2. Case FIR No.406/2013 (Ex.PW3/A) under Section 354/376 IPC was registered at PS Bhajan Pura on the basis of complaint Ex.PW1/A made by Sh.Maqsood Alam - father of the child victim. As per the said complaint, on 30th September, 2013 at about 1.00 pm, he was present at his house and his three years old daughter 'M' (name withheld to conceal her identity) who was playing, went outside the house. After some time, when he came out to look for his daughter and was searching for her in the neighbouring house, he saw the convict Arif in nude condition and his daughter was also in nude condition at that time. The convict was committing 'galat kaam' with her. He apprehended Arif. On hearing noise certain persons collected there. The complainant informed his brother and after his arrival, the police was informed. The child victim was sent for medical examination to GTB Hospital. The convict Arif, who was arrested from the spot, was also sent for medical examination. After completion of investigation, he was sent to face trial for the offence punishable under Section 354/376 IPC.

3. On 30th January, 2014, the convict was charged for committing the offence punishable under Section 6 of POCSO Act for committing penetrative sexual assault on the child victim and on 25th October, 2016, in the alternative, the convict was charged for committing the offence punishable under Section 376 IPC.

4. Initially the convict was produced before Juvenile Court as he claimed himself to be a juvenile but subsequently on the basis of his date of birth recorded in the school certificates Ex.PW17/H and H1 and the report of ossification test Ex.PW17/L, he was held not to be a juvenile.

5. Vide impugned judgment, the convict has been held guilty for committing the offence punishable under Section 376(2)(i) IPC observing that the sentence provided under Section 376(2)(i) IPC is more severe and greater in degree than that provided under Section 6 of POCSO Act.

6. Mr.Parikshit Mahipal, learned counsel for the appellant has limited his contention only to the extent that on the basis of MLC and the observation by learned Trial Court recorded in para 16, he could not have been convicted for committing the offence punishable under Section 376(2)(i) IPC for committing the rape but only for an attempt to commit rape. In support of his contentions, learned counsel for the appellant has relied upon the findings of the learned Trial Court in para 16 of the impugned judgment and the decision of the Apex Court in Guddu @ Santosh vs. Stat eof Madhya Pradesh in Appeal (Crl.) No.1491/2005 and of Kerala High Court in the case Mohammed Kunju vs. State of Kerala 2007 Crl.L.J. 3929.

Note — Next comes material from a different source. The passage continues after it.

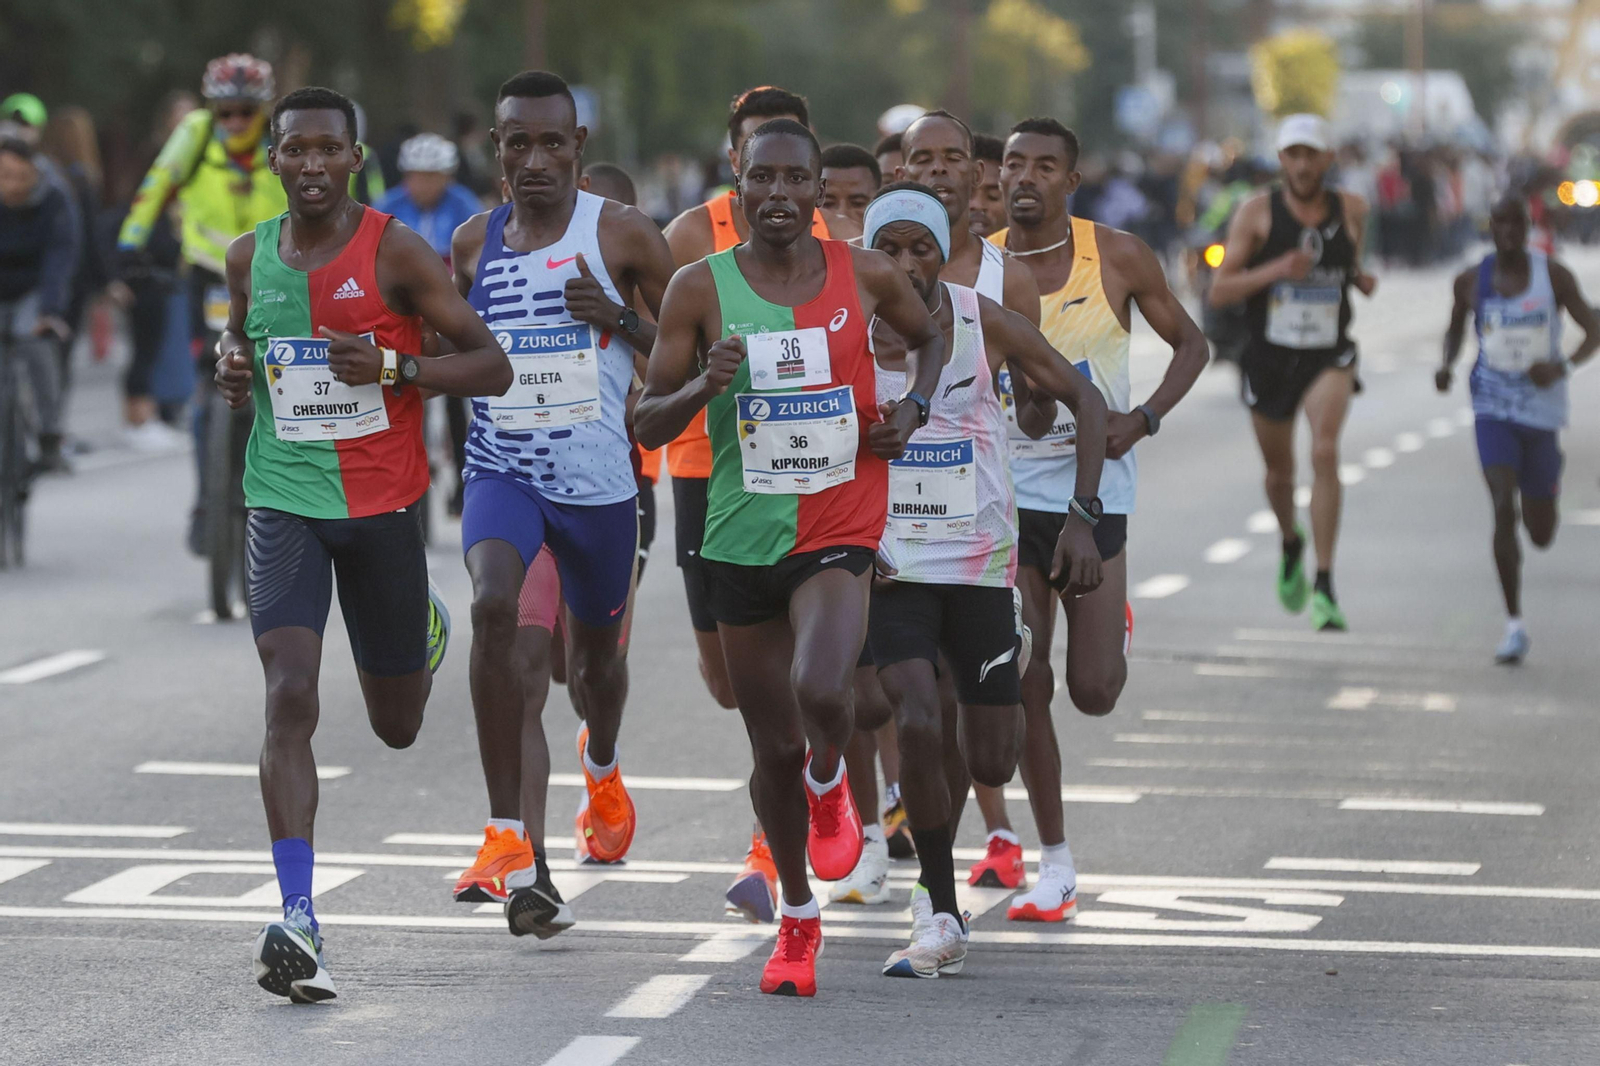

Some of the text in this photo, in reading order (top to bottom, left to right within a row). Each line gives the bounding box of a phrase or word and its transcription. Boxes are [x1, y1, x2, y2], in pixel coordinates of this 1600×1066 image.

7. Mr.Kewal Singh Ahuja, learned APP for the State has submitted that it is a case of committing rape on a child who was just three years old. There is an eye witness account of the incident by her father who saw his daughter and the convict in nude condition and the convict was apprehended from the spot. Learned APP for the State has further submitted that the injuries referred to in the MLC of the child victim shows that it was a case of rape as even the slightest penetration is sufficient to complete the offence.

8. Since the incident as well as the involvement in the occurrence is not disputed by the convict, the limited scope within which the impugned order has to be examined is whether it was a case of rape or attempt to rape. Para 16 of the impugned judgment reads as under:-

'16. It is a matter of record that PW-1 never deposed that the victim was crying when he saw her or anyone had heard her shrieks etc. There are various means of enticing a small child and to keep him/her quiet. The medical examination of the victim shows that there was no penile penetration which would have caused great pain to her and as such, there was no question of the victim crying. Hence, these arguments advanced by the ld. Defence Counsel at bar have no merits in my opinion.'

9. The MLC Ex.PW10/A of the convict records as under:-

'L/E : No fresh external injury seen at the time of examination.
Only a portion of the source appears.